New limb-darkening coefficients for Phoenix/1d model atmospheres

Abstract

Aims. The knowledge of how the specific intensity is distributed over the stellar disk is crucial for interpreting the light curves of extrasolar transiting planets, double-lined eclipsing binaries, and other astrophysical phenomena. To provide theoretical inputs for light curve modelling codes, we present new calculations of limb-darkening coefficients for the spherically symmetric phoenix models. Methods. The limb-darkening coefficients were computed by covering the transmission curves of Kepler, CoRoT, and Spitzer space missions, as well as the passbands of the Stromgren, Johnson-Cousins, Sloan, and 2MASS. These computations adopted the leastsquare method.

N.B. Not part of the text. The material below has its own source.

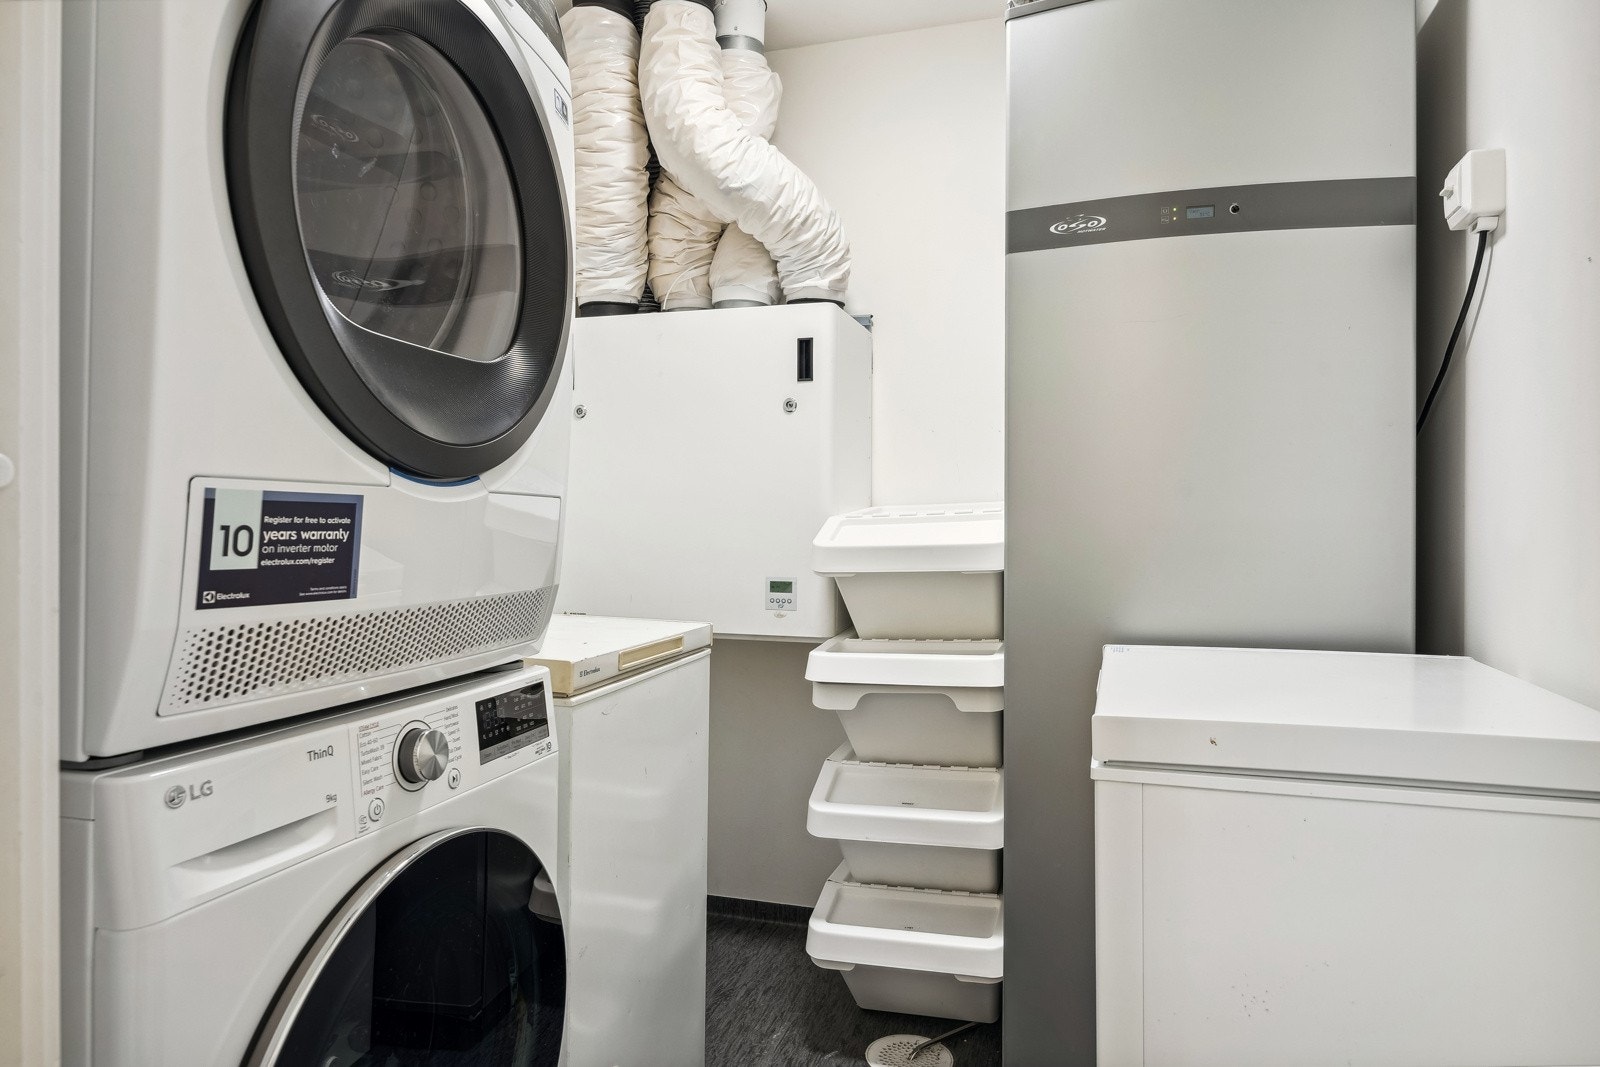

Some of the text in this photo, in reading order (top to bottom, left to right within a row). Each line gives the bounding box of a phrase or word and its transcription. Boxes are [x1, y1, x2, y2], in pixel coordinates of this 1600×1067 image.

In addition, we also calculated the linear and bi-parametric approximations by adopting the flux conservation method as an additional tool for estimating the theoretical error bars in the limb-darkening coefficients. Results. Six laws were used to describe the specific intensity distribution: linear, quadratic, square root, logarithmic, exponential, and a more general one with 4 terms. The computations are presented for the solar chemical composition, with log g varying between 2.5 and 5.5 and effective temperatures between 1500−4800 K. The adopted microturbulent velocity and the mixing-length parameters are 2.0 km s −1 and 2.0, respectively.